コラム KAZU'S VIEW
2015年03月
秀吉と官兵衛の共創モデルはソニーやホンダに再帰したか
昨年のNHK大河ドラマは「軍師官兵衛」だった。軍師としての官兵衛が主人公であったが、彼を取り巻く当時の日本のリーダーであった信長、秀吉そして家康と関係性が非常に興味深かった。脚本は、氷壁や必殺仕置き人を手掛けた前川洋一(マエカワ ヨウイチ)氏である。
組織論の視点からは、将軍としての秀吉と軍事参謀の官兵衛が戦(イクサ)という殺し合いの世界を無くしたいという夢(ありたい姿)を共有し、これを実現したが、やがて、その共感性がなくなり、共創活動が終わりを告げた後、参謀が将軍を目指したが、家康というリーダーにその座を譲らざるを得なかったというストーリー展開になっていたと思う。

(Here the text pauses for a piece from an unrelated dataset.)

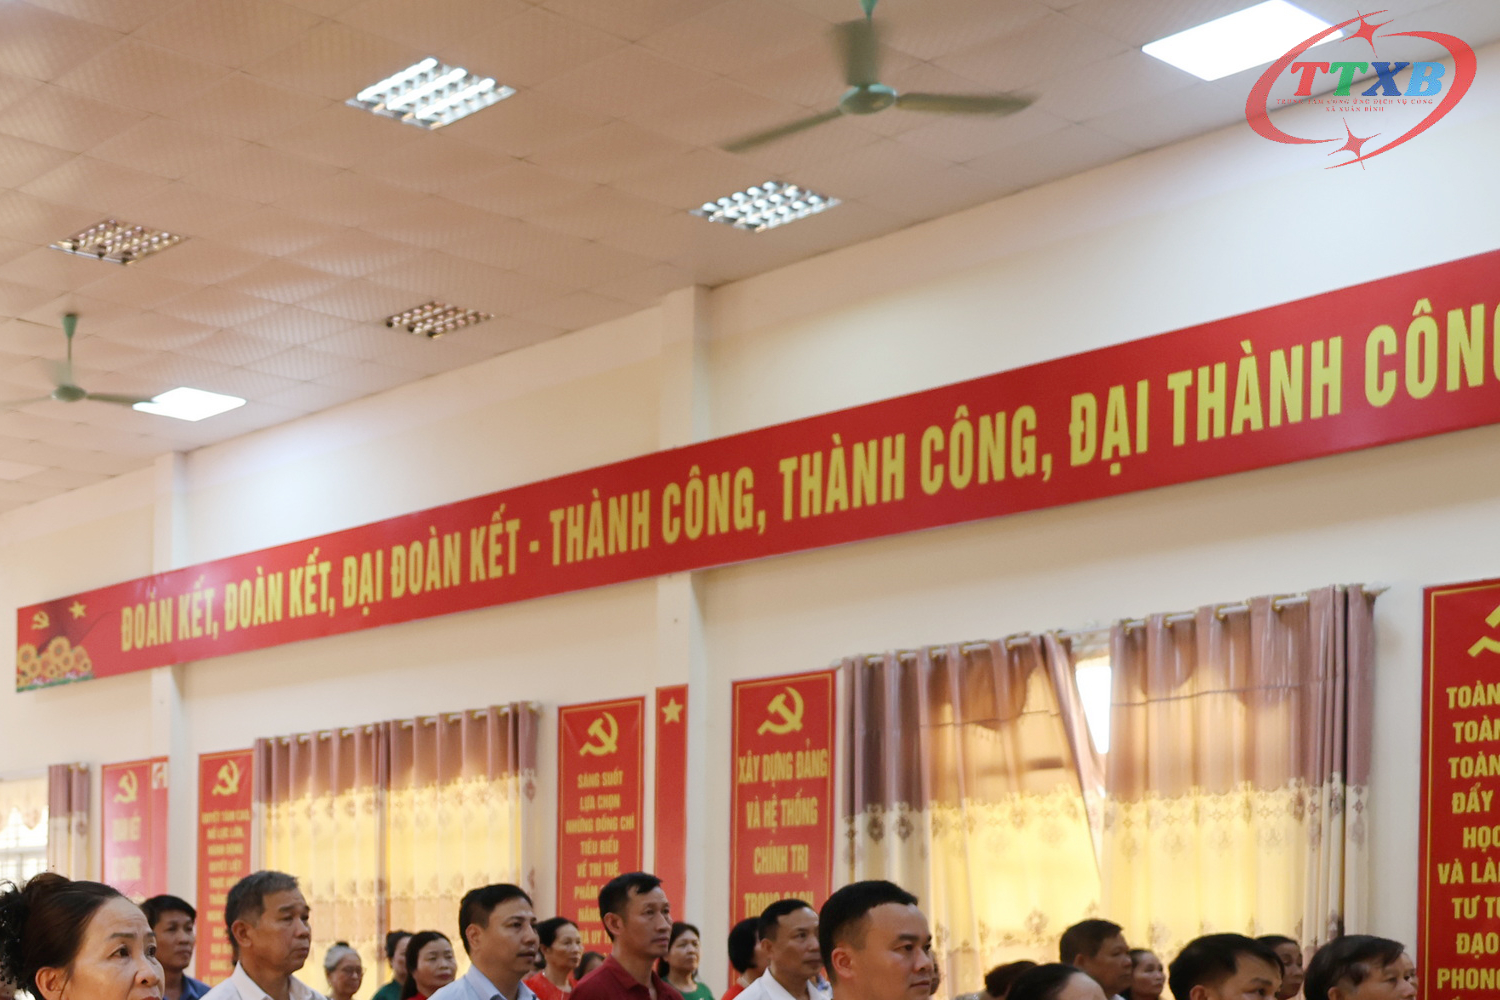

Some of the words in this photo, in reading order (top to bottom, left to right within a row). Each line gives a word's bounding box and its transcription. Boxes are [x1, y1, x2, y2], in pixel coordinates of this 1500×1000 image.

ソニーは井深氏と盛田氏のペアー、本田は宗一郎氏と藤沢武夫氏のペアーが戦後の日本企業のサクセスストーリーだった。オカメとヒョットコ、割れ蓋(ワレブタ)に綴じ蓋鍋(トジブタ)の例えがある。まさに物事の両極端がバランスをとる世界。危(アブ)かしげなバランスの上に、日々の実感的生活を楽しみ、生きながらえることのできる、不思議な民族が日本人のような気がする。

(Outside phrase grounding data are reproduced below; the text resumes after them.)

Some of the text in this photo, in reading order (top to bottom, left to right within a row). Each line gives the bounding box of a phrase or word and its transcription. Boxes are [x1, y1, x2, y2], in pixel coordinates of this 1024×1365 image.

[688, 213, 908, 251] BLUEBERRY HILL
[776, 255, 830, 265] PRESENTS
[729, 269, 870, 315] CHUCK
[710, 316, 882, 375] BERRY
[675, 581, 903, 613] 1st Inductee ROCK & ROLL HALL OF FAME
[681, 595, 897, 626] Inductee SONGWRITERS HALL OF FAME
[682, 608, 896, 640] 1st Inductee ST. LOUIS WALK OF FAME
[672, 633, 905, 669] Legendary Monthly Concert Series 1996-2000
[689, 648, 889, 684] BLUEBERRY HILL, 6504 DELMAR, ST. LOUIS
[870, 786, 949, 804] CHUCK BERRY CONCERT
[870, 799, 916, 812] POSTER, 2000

数年前に東南アジアの数か国を回った時に、町を歩いていると、街角から声をかけられた。Where do you come from? Are you Korean? その私の答えは、 I come from Japan. I am a pure Japanese. その後、質問した人が、 What do you mean “a pure Japanese”? 多分、東南アジアの人々からすると、日本人は近くに住む遠い人。というような認識ではないのかと、ふと、思った。明治維新で唯一アジアの国で西欧に御(ギョ)したのは、唯一、日本のみであった。他の、アジアの国々はすべて、その多少は別として、西欧の植民地になっていた。それは日清戦争、日露戦争に勝った、世界の陸地の0.3%に満たない極東の国が残した結果は、欧米の人々からすれば、信じがたいものでであってであろう。その価値を一番知らなかったのは、日本人であったのではないか。
戦後、70年を迎えようとしている。終戦で生まれた人が、古稀・古希(コキ)の祝いを受ける年。古希の由来は、中国の詩人、杜甫(トホ)の歌らしい。曲江という詩句に「人生七十古来稀(七十年も生きる人は古くから稀である)」という一節がある。曲江は、長安の東南にあった池の名前と聞く。しかし、この歌を作った杜甫、自身は59歳でこの世を去っている。昨年、7月に厚生労働省が発表した日本人男性の平均寿命は80.21歳、女性が86.61歳であった。70歳を超えて生きる日本人はもはや、希ではなくなって来ている。これは幸か不幸か?その答えを自身で確認するには、後、6年も生きなければならないか?6年後は吉か、凶か?